Exercise goal:
Each record needs to be transcribed exactly.

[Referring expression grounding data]
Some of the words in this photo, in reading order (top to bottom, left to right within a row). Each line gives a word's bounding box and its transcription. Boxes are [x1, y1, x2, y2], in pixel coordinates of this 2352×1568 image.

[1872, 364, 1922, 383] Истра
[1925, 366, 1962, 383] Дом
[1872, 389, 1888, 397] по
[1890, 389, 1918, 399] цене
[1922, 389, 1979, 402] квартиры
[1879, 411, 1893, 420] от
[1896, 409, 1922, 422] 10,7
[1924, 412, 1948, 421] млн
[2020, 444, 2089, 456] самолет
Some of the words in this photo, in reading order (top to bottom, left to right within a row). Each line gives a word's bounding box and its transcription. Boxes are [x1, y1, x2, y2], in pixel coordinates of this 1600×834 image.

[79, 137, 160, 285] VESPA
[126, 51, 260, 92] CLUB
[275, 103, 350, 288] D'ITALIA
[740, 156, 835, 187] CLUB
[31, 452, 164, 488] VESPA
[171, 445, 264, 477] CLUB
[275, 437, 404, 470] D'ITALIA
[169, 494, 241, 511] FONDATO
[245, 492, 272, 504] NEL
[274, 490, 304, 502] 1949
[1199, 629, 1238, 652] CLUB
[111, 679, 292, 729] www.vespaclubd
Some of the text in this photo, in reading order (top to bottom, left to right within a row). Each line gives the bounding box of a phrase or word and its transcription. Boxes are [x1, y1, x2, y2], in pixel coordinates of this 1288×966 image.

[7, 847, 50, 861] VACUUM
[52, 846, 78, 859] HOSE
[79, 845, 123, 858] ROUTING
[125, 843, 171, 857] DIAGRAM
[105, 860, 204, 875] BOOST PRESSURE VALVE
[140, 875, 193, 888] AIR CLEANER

Solved exercise:
Some of the words in this photo, in reading order (top to bottom, left to right within a row). Each line gives a word's bounding box and its transcription. Boxes are [x1, y1, x2, y2], in pixel coordinates of this 2352×1568 image.

[1872, 364, 1922, 383] Истра
[1925, 366, 1962, 383] Дом
[1872, 389, 1888, 397] по
[1890, 389, 1918, 399] цене
[1922, 389, 1979, 402] квартиры
[1879, 411, 1893, 420] от
[1896, 409, 1922, 422] 10,7
[1924, 412, 1948, 421] млн
[2020, 444, 2089, 456] самолет
Some of the words in this photo, in reading order (top to bottom, left to right within a row). Each line gives a word's bounding box and its transcription. Boxes are [x1, y1, x2, y2], in pixel coordinates of this 1600×834 image.

[79, 137, 160, 285] VESPA
[126, 51, 260, 92] CLUB
[275, 103, 350, 288] D'ITALIA
[740, 156, 835, 187] CLUB
[31, 452, 164, 488] VESPA
[171, 445, 264, 477] CLUB
[275, 437, 404, 470] D'ITALIA
[169, 494, 241, 511] FONDATO
[245, 492, 272, 504] NEL
[274, 490, 304, 502] 1949
[1199, 629, 1238, 652] CLUB
[111, 679, 292, 729] www.vespaclubd
Some of the text in this photo, in reading order (top to bottom, left to right within a row). Each line gives the bounding box of a phrase or word and its transcription. Boxes are [x1, y1, x2, y2], in pixel coordinates of this 1288×966 image.

[7, 847, 50, 861] VACUUM
[52, 846, 78, 859] HOSE
[79, 845, 123, 858] ROUTING
[125, 843, 171, 857] DIAGRAM
[105, 860, 204, 875] BOOST PRESSURE VALVE
[140, 875, 193, 888] AIR CLEANER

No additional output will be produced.